Segment Start: Study material

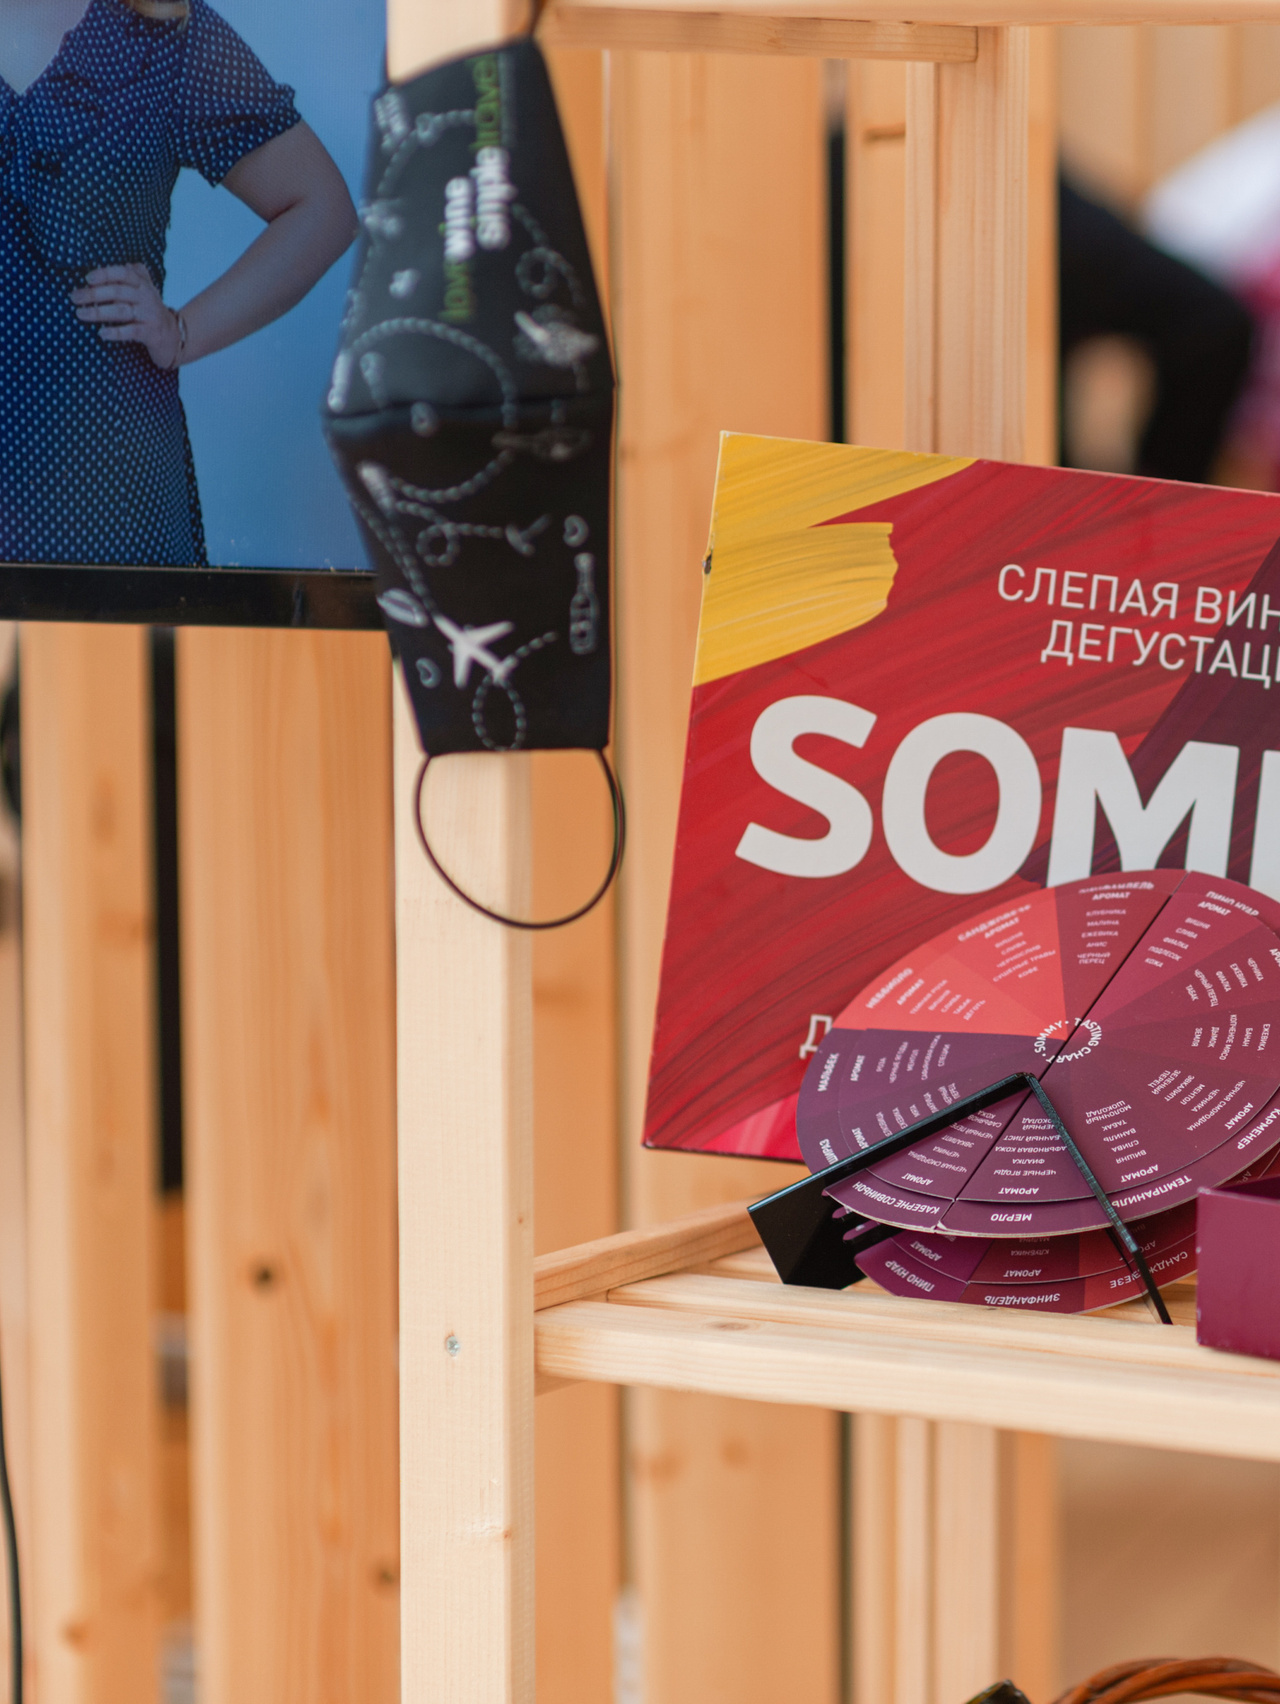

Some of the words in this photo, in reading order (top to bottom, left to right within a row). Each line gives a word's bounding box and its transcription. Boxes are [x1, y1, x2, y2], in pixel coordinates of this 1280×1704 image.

[997, 564, 1179, 619] СЛЕПАЯ
[1092, 892, 1130, 900] АРОМАТ
[1198, 901, 1231, 916] АРОМАТ
[984, 917, 1019, 938] АРОМАТ
[1230, 962, 1248, 988] ЕЖЕВИКА
[1247, 957, 1264, 981] ЧЕРНИКА
[1194, 969, 1213, 991] ЧЕРНЫЙ
[1206, 988, 1219, 1007] ПЕРЕЦ
[1216, 971, 1231, 992] ФИАЛКА
[1185, 984, 1199, 1001] ТАБАК
[1034, 1020, 1062, 1053] SOMMY
[1074, 1017, 1102, 1047] TASTING
[1191, 1027, 1203, 1047] ЗЕМЛЯ
[1226, 1014, 1238, 1043] КОПЧЕНОЕ
[1242, 1027, 1253, 1047] БАНАН
[1257, 1023, 1270, 1051] ЕЖЕВИКА
[1046, 1046, 1091, 1063] CHART
[1219, 1042, 1232, 1060] МЯСО
[818, 1053, 839, 1091] МАЛЬБЕК
[851, 1055, 865, 1081] АРОМАТ
[1147, 1070, 1171, 1088] ПЕРЕЦ
[1152, 1069, 1181, 1094] ЗЕЛЕНЫЙ
[1164, 1075, 1194, 1102] ЭВКАЛИПТ
[1180, 1083, 1206, 1105] МЕНТОЛ
[1191, 1088, 1220, 1112] ЧЕРНИКА
[1223, 1080, 1246, 1102] ЧЕРНАЯ
[1085, 1100, 1126, 1118] ШОКОЛАД
[1085, 1104, 1132, 1124] МОЛОЧНЫЙ
[1186, 1100, 1227, 1132] СМОРОДИНА
[1224, 1102, 1253, 1130] АРОМАТ
[950, 1122, 967, 1133] ПЕРЕ
[967, 1114, 1003, 1128] САФЬЯНОВ
[1101, 1119, 1127, 1131] ТАБАК
[852, 1127, 870, 1149] АРОМАТ
[941, 1134, 975, 1148] ЭВКАЛИПТ
[965, 1127, 994, 1139] ЧЕРНЫЙ
[1103, 1128, 1137, 1142] ВАНИЛЬ
[819, 1138, 838, 1165] ШИРАЗ
[932, 1145, 960, 1158] ЧЕРНИКА
[1111, 1139, 1140, 1152] СЛИВА
[908, 1150, 942, 1168] СМОРОДИНА
[1115, 1149, 1147, 1164] ВИШНЯ
[940, 1161, 968, 1173] ЧЕРНАЯ
[1120, 1164, 1159, 1183] АРОМАТ
[901, 1172, 934, 1186] АРОМАТ
[852, 1181, 896, 1206] СОВИНЬОН
[998, 1187, 1039, 1195] АРОМАТ
[1111, 1175, 1193, 1208] ТЕМПРАНИЛЬ
[894, 1199, 940, 1215] КАБЕРНЕ
[990, 1213, 1032, 1222] МЕРЛО
[910, 1241, 943, 1262] АРОМАТ
[885, 1260, 911, 1279] НУАР
[1003, 1269, 1042, 1278] АРОМАТ
[907, 1273, 935, 1292] ПИНО
[984, 1293, 1061, 1305] ЗИНФАНДЕЛЬ
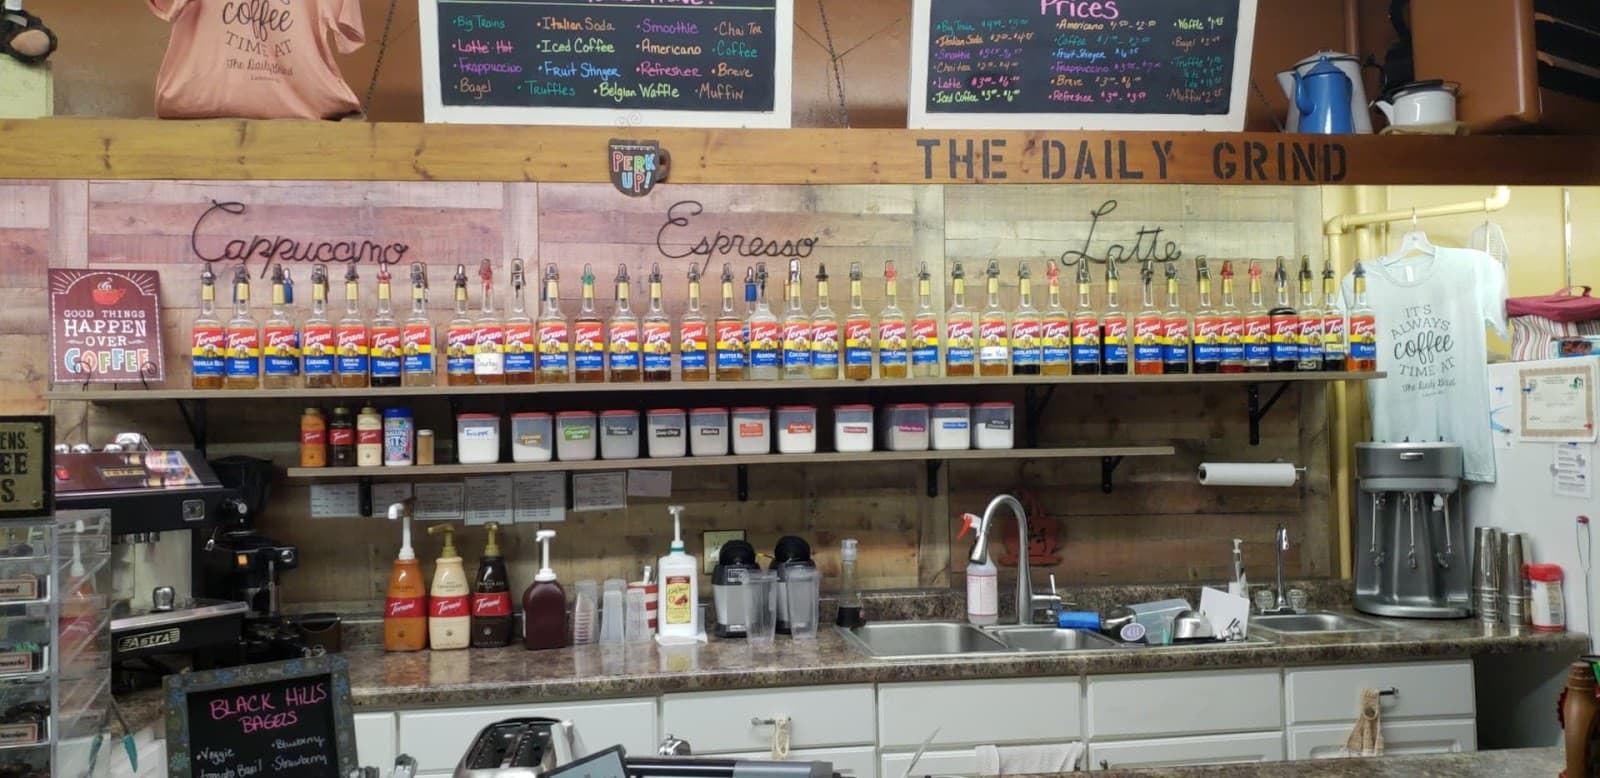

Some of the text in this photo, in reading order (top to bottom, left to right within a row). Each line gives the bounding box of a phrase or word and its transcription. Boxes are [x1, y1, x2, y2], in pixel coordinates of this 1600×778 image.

[1041, 0, 1119, 19] Prices
[223, 0, 293, 41] coffee
[458, 16, 473, 31] Big
[542, 17, 616, 31] Italian Soda
[642, 18, 699, 34] Smoothie
[719, 21, 744, 36] Chai
[1059, 18, 1104, 30] Americano
[226, 31, 292, 58] TIME AT
[496, 40, 514, 54] Hot
[541, 37, 616, 53] Iced Coffee
[641, 38, 702, 55] Americano
[717, 40, 758, 58] Coffee
[459, 57, 522, 74] Frappuccino
[544, 61, 621, 81] Fruit Stinger
[640, 61, 702, 77] Refresher
[717, 62, 754, 78] Breve
[459, 77, 492, 99] Bagel
[525, 80, 576, 96] Truffles
[698, 82, 744, 99] Muffin
[937, 77, 962, 88] Latte
[600, 83, 680, 102] Belgian Waffle
[935, 91, 953, 103] Iced
[613, 151, 656, 173] PERK
[916, 139, 1347, 182] THE DAILY GRIND
[621, 171, 652, 193] UP!
[192, 200, 408, 279] Cappuccino
[657, 200, 819, 275] Espresso
[1062, 200, 1182, 266] Latte
[63, 309, 146, 319] GOOD THINGS
[1405, 304, 1432, 319] IT'S
[64, 319, 147, 337] HAPPEN
[1391, 318, 1451, 340] ALWAYS
[85, 336, 127, 347] OVER
[1394, 330, 1454, 365] coffee
[64, 348, 151, 374] COFFEE
[1400, 356, 1456, 377] TIME AT
[390, 600, 415, 615] Torani
[437, 599, 462, 615] Torani
[476, 596, 501, 613] Torani
[210, 693, 276, 720] BLACK
[200, 747, 236, 766] Veggie
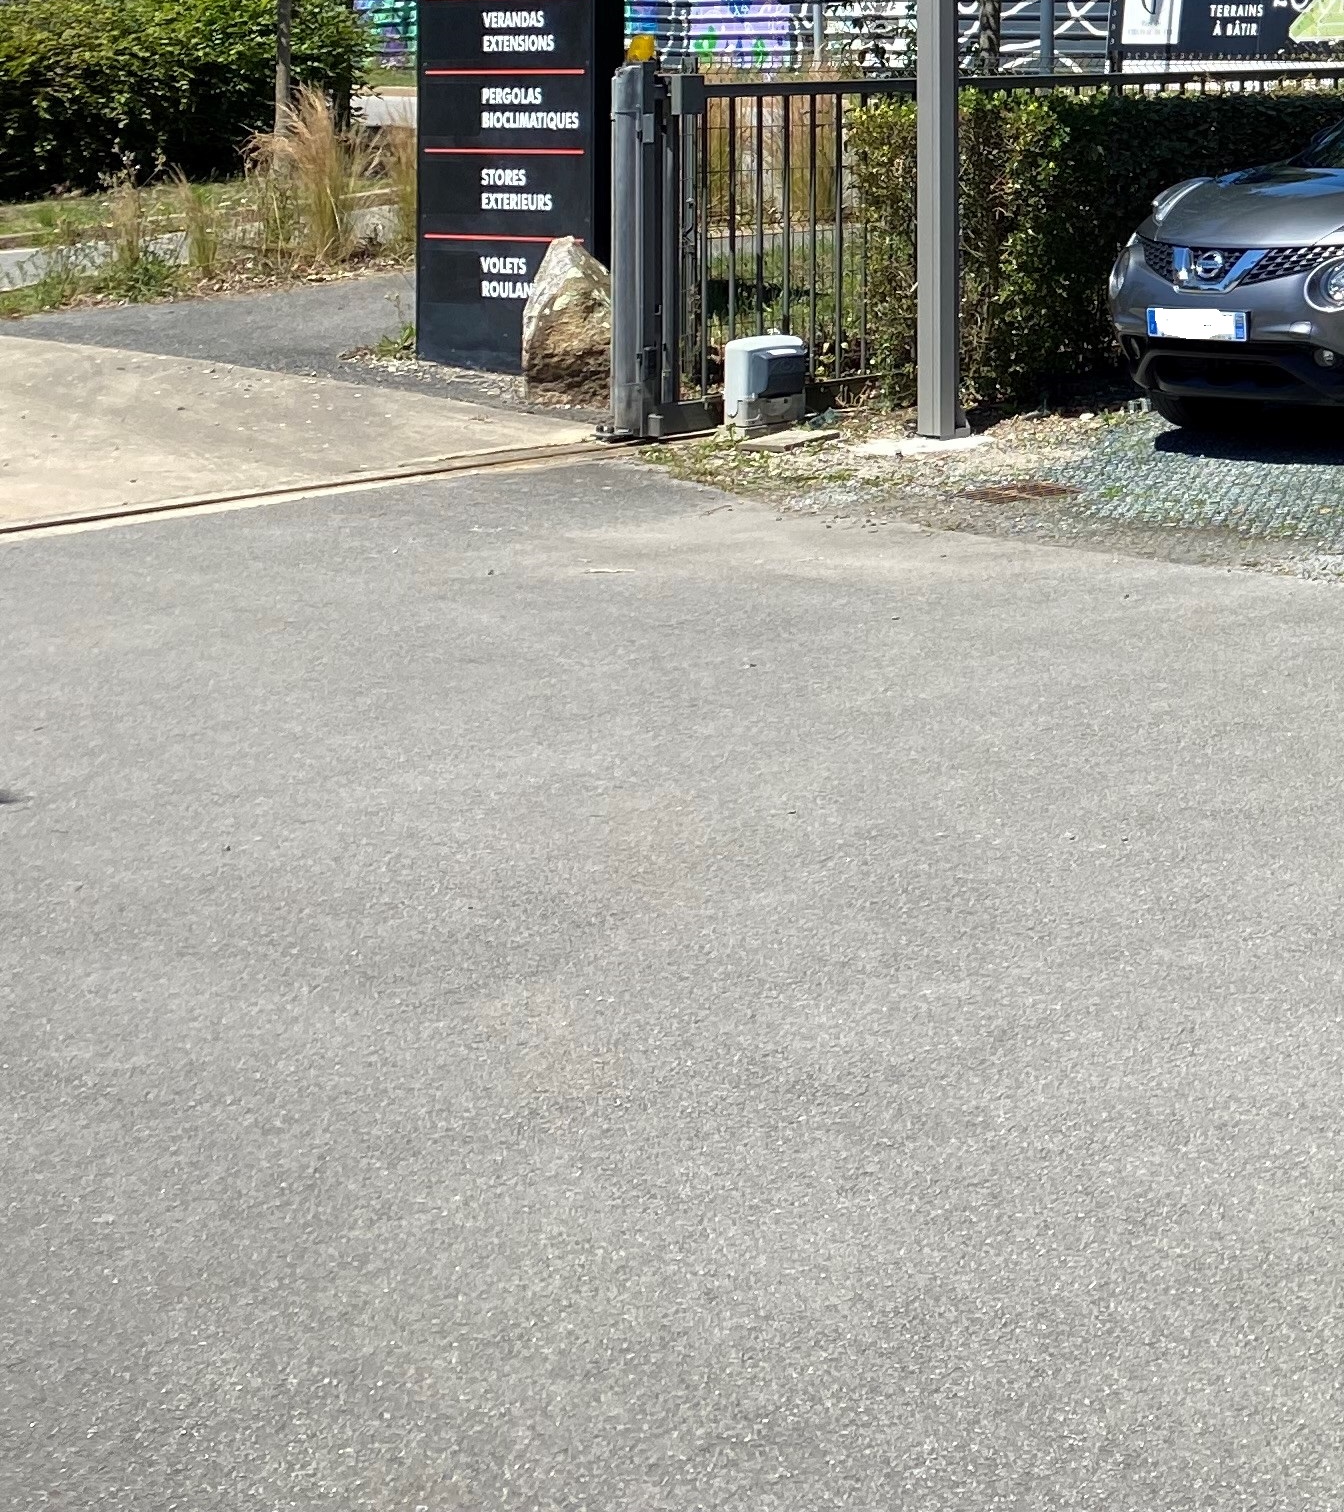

Segment End: Study material

The task calls for all lines in the entries that hold "word".

Expected answer:
Some of the words in this photo, in reading order (top to bottom, left to right within a row). Each line gives a word's bounding box and its transcription. Boxes are [x1, y1, x2, y2], in pixel coordinates of this 1280×1704 image.
Some of the text in this photo, in reading order (top to bottom, left to right within a row). Each line gives the bounding box of a phrase or word and its transcription. Boxes are [x1, y1, x2, y2], in pixel coordinates of this 1600×778 image.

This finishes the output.